■ REQUIRED ACTION
The whole of the data, every line, should come back exactly the same.

-*-

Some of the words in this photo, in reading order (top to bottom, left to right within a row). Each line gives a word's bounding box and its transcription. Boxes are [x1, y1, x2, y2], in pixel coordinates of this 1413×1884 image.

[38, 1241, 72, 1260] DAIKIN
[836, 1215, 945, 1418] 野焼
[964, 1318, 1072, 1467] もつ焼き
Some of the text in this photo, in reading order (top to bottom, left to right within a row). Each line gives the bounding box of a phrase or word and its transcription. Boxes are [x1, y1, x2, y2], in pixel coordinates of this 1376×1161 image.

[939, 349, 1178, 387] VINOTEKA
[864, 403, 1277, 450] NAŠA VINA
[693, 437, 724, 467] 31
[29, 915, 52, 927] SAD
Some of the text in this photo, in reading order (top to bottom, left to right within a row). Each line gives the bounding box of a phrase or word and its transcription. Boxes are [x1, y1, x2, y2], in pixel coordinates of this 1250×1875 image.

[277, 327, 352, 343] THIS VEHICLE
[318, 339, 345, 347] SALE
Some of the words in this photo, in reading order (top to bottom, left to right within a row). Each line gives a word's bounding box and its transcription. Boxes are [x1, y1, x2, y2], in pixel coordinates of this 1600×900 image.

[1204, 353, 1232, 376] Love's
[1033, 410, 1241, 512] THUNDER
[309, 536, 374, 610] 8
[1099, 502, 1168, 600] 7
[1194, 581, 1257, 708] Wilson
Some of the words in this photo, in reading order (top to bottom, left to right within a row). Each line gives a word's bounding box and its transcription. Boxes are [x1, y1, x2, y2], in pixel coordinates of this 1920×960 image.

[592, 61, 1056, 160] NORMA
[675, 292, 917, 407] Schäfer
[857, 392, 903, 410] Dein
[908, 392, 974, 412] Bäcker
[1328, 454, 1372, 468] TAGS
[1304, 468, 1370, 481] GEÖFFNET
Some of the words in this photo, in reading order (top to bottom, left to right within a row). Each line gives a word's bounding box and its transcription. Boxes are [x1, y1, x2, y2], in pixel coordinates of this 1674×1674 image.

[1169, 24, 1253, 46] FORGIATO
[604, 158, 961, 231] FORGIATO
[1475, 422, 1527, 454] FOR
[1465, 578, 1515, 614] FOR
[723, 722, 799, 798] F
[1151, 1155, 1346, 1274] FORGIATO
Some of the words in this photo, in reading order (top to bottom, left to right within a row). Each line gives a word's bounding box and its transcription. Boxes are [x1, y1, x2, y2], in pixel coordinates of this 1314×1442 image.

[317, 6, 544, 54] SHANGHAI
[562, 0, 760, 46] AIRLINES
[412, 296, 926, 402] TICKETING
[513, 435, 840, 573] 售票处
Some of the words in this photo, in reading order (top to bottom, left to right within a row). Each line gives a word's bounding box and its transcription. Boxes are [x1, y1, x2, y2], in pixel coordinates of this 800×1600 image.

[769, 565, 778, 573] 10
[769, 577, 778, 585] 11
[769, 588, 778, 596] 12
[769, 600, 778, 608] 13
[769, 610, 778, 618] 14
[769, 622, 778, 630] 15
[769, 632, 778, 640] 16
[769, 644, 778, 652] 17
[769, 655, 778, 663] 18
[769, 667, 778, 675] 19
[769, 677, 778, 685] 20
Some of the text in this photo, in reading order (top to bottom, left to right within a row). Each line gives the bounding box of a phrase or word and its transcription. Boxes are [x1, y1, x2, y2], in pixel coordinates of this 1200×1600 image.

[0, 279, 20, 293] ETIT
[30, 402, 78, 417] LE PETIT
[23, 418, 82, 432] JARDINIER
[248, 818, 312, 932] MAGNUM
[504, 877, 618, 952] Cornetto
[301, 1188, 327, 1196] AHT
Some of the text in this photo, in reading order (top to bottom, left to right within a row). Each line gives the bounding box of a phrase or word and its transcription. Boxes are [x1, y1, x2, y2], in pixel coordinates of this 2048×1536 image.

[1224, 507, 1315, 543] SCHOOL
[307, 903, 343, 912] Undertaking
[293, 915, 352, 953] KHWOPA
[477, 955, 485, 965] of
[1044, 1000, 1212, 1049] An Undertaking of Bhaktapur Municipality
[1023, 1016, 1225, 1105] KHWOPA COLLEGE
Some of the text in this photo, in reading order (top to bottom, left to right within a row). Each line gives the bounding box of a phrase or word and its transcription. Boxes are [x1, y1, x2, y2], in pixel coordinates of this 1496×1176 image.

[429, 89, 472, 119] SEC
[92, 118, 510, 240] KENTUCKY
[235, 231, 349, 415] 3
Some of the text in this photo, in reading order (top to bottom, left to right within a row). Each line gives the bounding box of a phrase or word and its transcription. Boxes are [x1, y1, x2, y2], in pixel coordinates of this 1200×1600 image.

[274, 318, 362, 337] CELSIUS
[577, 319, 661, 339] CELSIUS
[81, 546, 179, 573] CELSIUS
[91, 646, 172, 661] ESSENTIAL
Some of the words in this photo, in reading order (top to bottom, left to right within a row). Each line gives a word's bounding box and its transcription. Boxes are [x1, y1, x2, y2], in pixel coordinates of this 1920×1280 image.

-*-

■ SOLUTION TO THIS EXERCISE
Some of the words in this photo, in reading order (top to bottom, left to right within a row). Each line gives a word's bounding box and its transcription. Boxes are [x1, y1, x2, y2], in pixel coordinates of this 1413×1884 image.

[38, 1241, 72, 1260] DAIKIN
[836, 1215, 945, 1418] 野焼
[964, 1318, 1072, 1467] もつ焼き
Some of the text in this photo, in reading order (top to bottom, left to right within a row). Each line gives the bounding box of a phrase or word and its transcription. Boxes are [x1, y1, x2, y2], in pixel coordinates of this 1376×1161 image.

[939, 349, 1178, 387] VINOTEKA
[864, 403, 1277, 450] NAŠA VINA
[693, 437, 724, 467] 31
[29, 915, 52, 927] SAD
Some of the text in this photo, in reading order (top to bottom, left to right within a row). Each line gives the bounding box of a phrase or word and its transcription. Boxes are [x1, y1, x2, y2], in pixel coordinates of this 1250×1875 image.

[277, 327, 352, 343] THIS VEHICLE
[318, 339, 345, 347] SALE
Some of the words in this photo, in reading order (top to bottom, left to right within a row). Each line gives a word's bounding box and its transcription. Boxes are [x1, y1, x2, y2], in pixel coordinates of this 1600×900 image.

[1204, 353, 1232, 376] Love's
[1033, 410, 1241, 512] THUNDER
[309, 536, 374, 610] 8
[1099, 502, 1168, 600] 7
[1194, 581, 1257, 708] Wilson
Some of the words in this photo, in reading order (top to bottom, left to right within a row). Each line gives a word's bounding box and its transcription. Boxes are [x1, y1, x2, y2], in pixel coordinates of this 1920×960 image.

[592, 61, 1056, 160] NORMA
[675, 292, 917, 407] Schäfer
[857, 392, 903, 410] Dein
[908, 392, 974, 412] Bäcker
[1328, 454, 1372, 468] TAGS
[1304, 468, 1370, 481] GEÖFFNET
Some of the words in this photo, in reading order (top to bottom, left to right within a row). Each line gives a word's bounding box and its transcription. Boxes are [x1, y1, x2, y2], in pixel coordinates of this 1674×1674 image.

[1169, 24, 1253, 46] FORGIATO
[604, 158, 961, 231] FORGIATO
[1475, 422, 1527, 454] FOR
[1465, 578, 1515, 614] FOR
[723, 722, 799, 798] F
[1151, 1155, 1346, 1274] FORGIATO
Some of the words in this photo, in reading order (top to bottom, left to right within a row). Each line gives a word's bounding box and its transcription. Boxes are [x1, y1, x2, y2], in pixel coordinates of this 1314×1442 image.

[317, 6, 544, 54] SHANGHAI
[562, 0, 760, 46] AIRLINES
[412, 296, 926, 402] TICKETING
[513, 435, 840, 573] 售票处
Some of the words in this photo, in reading order (top to bottom, left to right within a row). Each line gives a word's bounding box and its transcription. Boxes are [x1, y1, x2, y2], in pixel coordinates of this 800×1600 image.

[769, 565, 778, 573] 10
[769, 577, 778, 585] 11
[769, 588, 778, 596] 12
[769, 600, 778, 608] 13
[769, 610, 778, 618] 14
[769, 622, 778, 630] 15
[769, 632, 778, 640] 16
[769, 644, 778, 652] 17
[769, 655, 778, 663] 18
[769, 667, 778, 675] 19
[769, 677, 778, 685] 20
Some of the text in this photo, in reading order (top to bottom, left to right within a row). Each line gives the bounding box of a phrase or word and its transcription. Boxes are [x1, y1, x2, y2], in pixel coordinates of this 1200×1600 image.

[0, 279, 20, 293] ETIT
[30, 402, 78, 417] LE PETIT
[23, 418, 82, 432] JARDINIER
[248, 818, 312, 932] MAGNUM
[504, 877, 618, 952] Cornetto
[301, 1188, 327, 1196] AHT
Some of the text in this photo, in reading order (top to bottom, left to right within a row). Each line gives the bounding box of a phrase or word and its transcription. Boxes are [x1, y1, x2, y2], in pixel coordinates of this 2048×1536 image.

[1224, 507, 1315, 543] SCHOOL
[307, 903, 343, 912] Undertaking
[293, 915, 352, 953] KHWOPA
[477, 955, 485, 965] of
[1044, 1000, 1212, 1049] An Undertaking of Bhaktapur Municipality
[1023, 1016, 1225, 1105] KHWOPA COLLEGE
Some of the text in this photo, in reading order (top to bottom, left to right within a row). Each line gives the bounding box of a phrase or word and its transcription. Boxes are [x1, y1, x2, y2], in pixel coordinates of this 1496×1176 image.

[429, 89, 472, 119] SEC
[92, 118, 510, 240] KENTUCKY
[235, 231, 349, 415] 3
Some of the text in this photo, in reading order (top to bottom, left to right within a row). Each line gives the bounding box of a phrase or word and its transcription. Boxes are [x1, y1, x2, y2], in pixel coordinates of this 1200×1600 image.

[274, 318, 362, 337] CELSIUS
[577, 319, 661, 339] CELSIUS
[81, 546, 179, 573] CELSIUS
[91, 646, 172, 661] ESSENTIAL
Some of the words in this photo, in reading order (top to bottom, left to right within a row). Each line gives a word's bounding box and its transcription. Boxes are [x1, y1, x2, y2], in pixel coordinates of this 1920×1280 image.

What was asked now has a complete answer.